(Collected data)
□ □ □ □ □
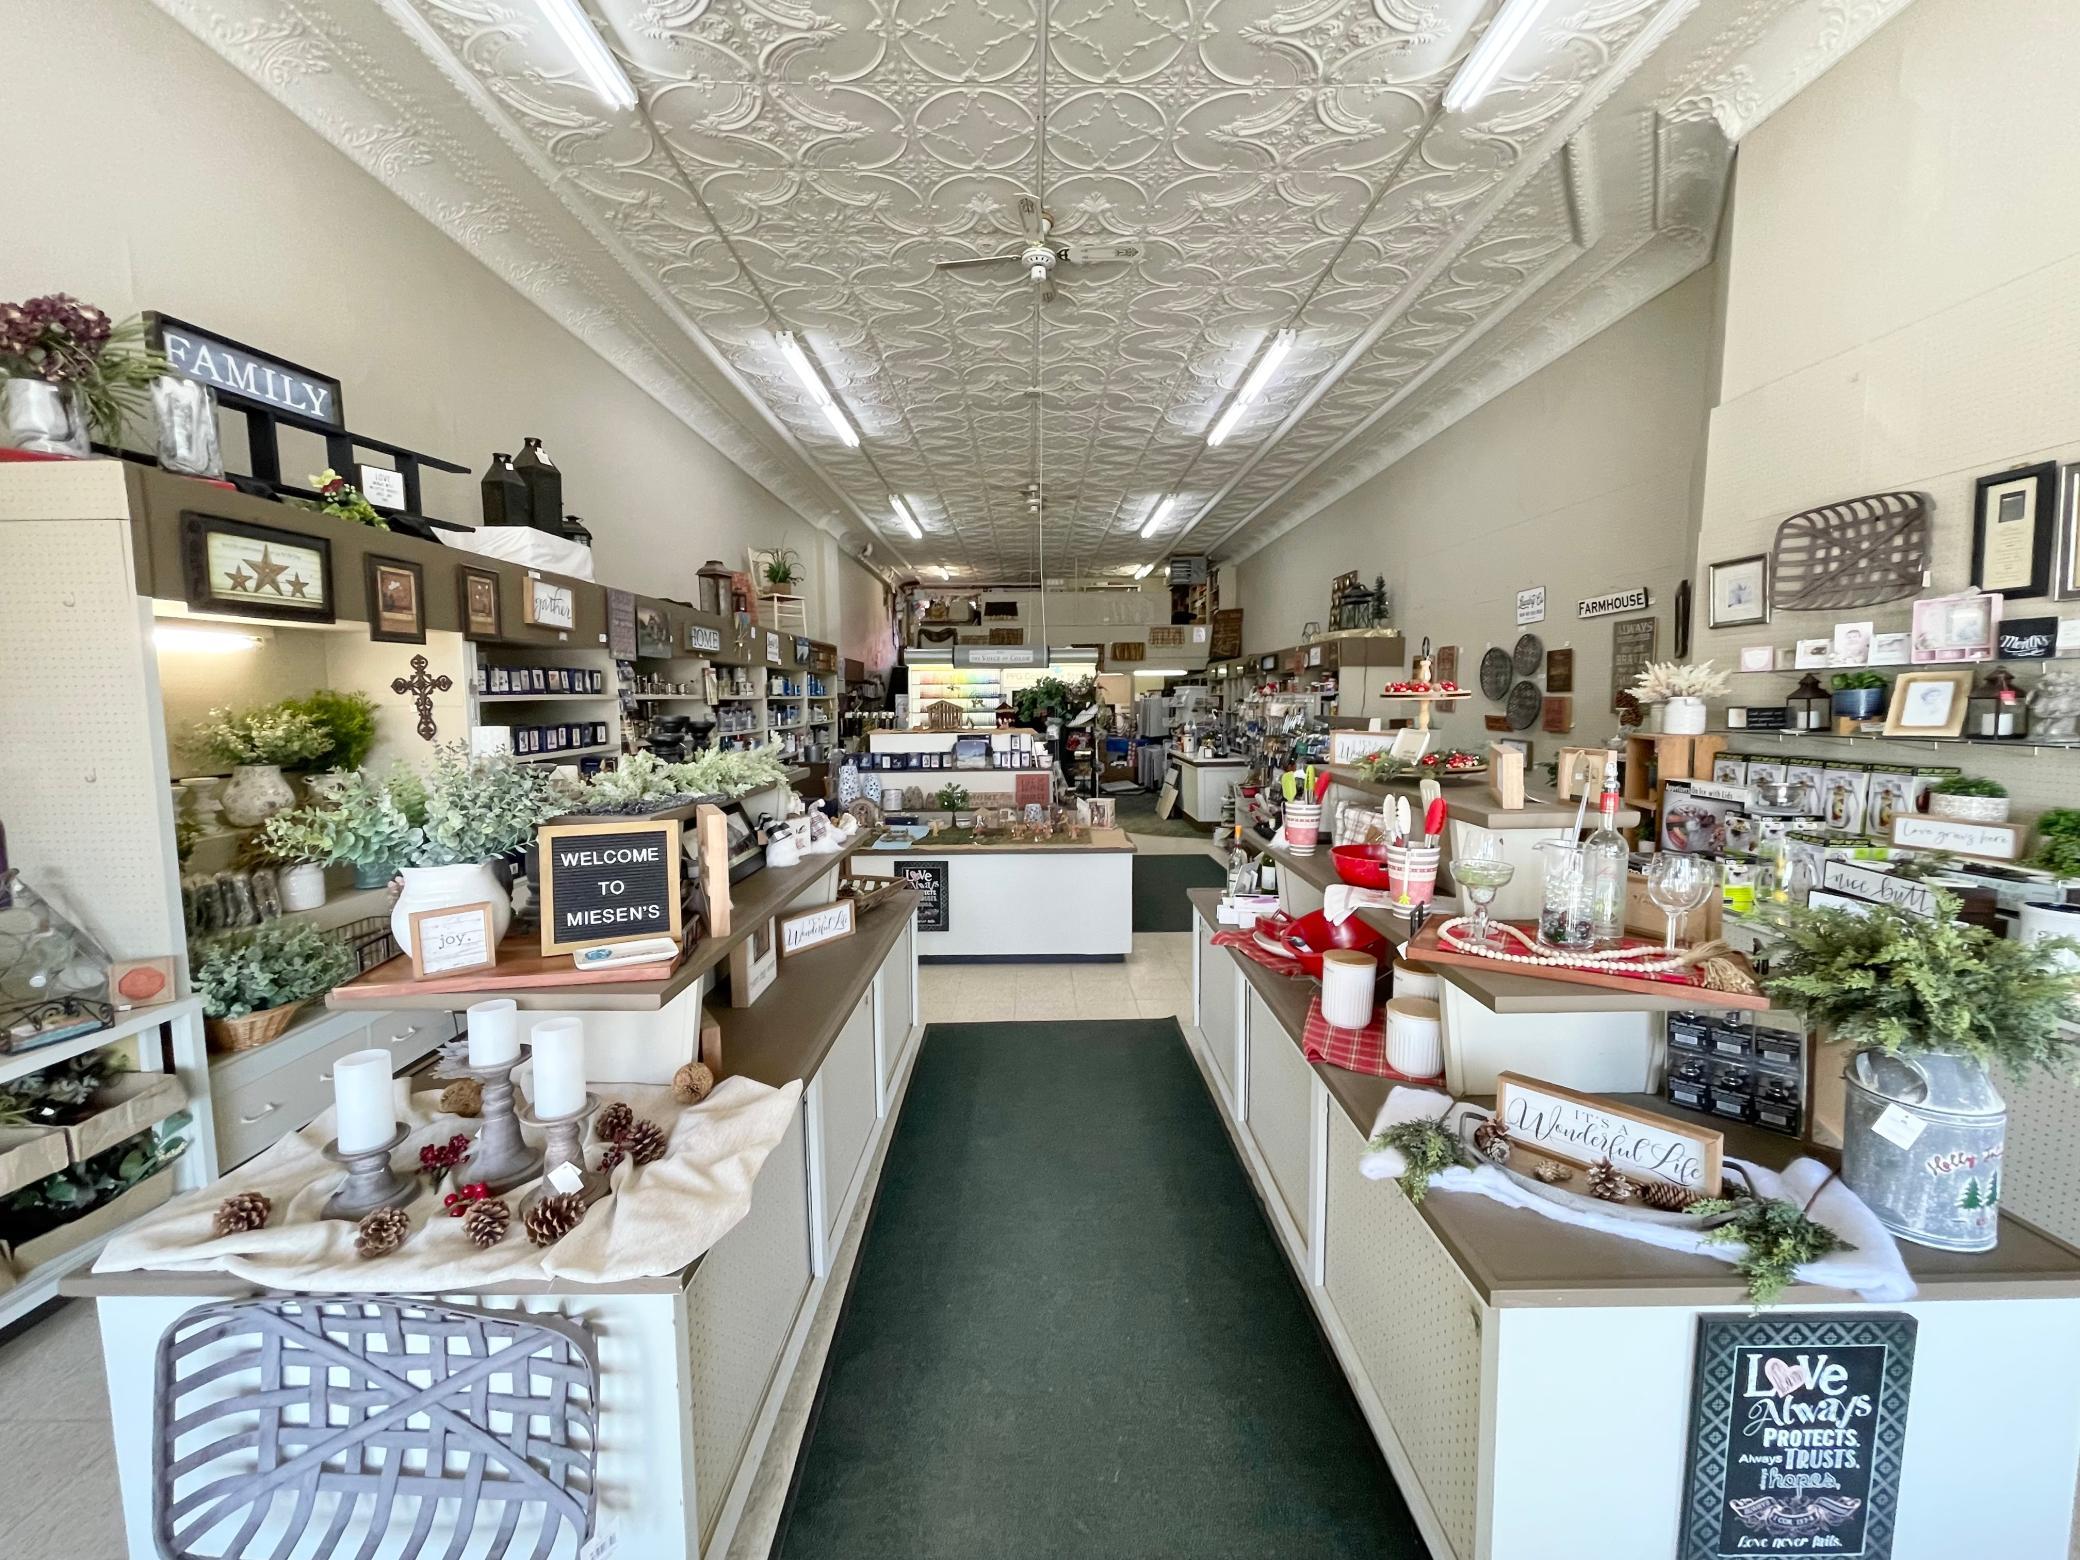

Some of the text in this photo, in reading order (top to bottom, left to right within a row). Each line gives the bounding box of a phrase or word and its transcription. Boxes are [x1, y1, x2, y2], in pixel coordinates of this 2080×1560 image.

[163, 331, 329, 417] FAMILY
[1578, 592, 1644, 617] FARMHOUSE
[560, 847, 660, 867] WELCOME
[598, 880, 625, 896] TO
[1825, 873, 1869, 895] nice
[1871, 876, 1936, 912] butt
[566, 904, 660, 927] MIESEN'S
[438, 934, 471, 950] joy.
[785, 914, 833, 946] Wonderful
[1574, 1109, 1629, 1136] IT'S A
[1506, 1096, 1650, 1162] Wonderful
[1638, 1142, 1703, 1187] Life
[1927, 1152, 1977, 1177] Holly
[1743, 1394, 1872, 1437] Always
[1763, 1427, 1861, 1448] PROTECTS.
[1739, 1448, 1860, 1469] Always TRUSTS.
[1737, 1535, 1768, 1548] Love
[1772, 1536, 1809, 1549] never
□ □ □ □ □
■ To do: The preceding entries are to be written out again exactly, with the pictures removed.

■ Solution to this problem:
Some of the text in this photo, in reading order (top to bottom, left to right within a row). Each line gives the bounding box of a phrase or word and its transcription. Boxes are [x1, y1, x2, y2], in pixel coordinates of this 2080×1560 image.

[163, 331, 329, 417] FAMILY
[1578, 592, 1644, 617] FARMHOUSE
[560, 847, 660, 867] WELCOME
[598, 880, 625, 896] TO
[1825, 873, 1869, 895] nice
[1871, 876, 1936, 912] butt
[566, 904, 660, 927] MIESEN'S
[438, 934, 471, 950] joy.
[785, 914, 833, 946] Wonderful
[1574, 1109, 1629, 1136] IT'S A
[1506, 1096, 1650, 1162] Wonderful
[1638, 1142, 1703, 1187] Life
[1927, 1152, 1977, 1177] Holly
[1743, 1394, 1872, 1437] Always
[1763, 1427, 1861, 1448] PROTECTS.
[1739, 1448, 1860, 1469] Always TRUSTS.
[1737, 1535, 1768, 1548] Love
[1772, 1536, 1809, 1549] never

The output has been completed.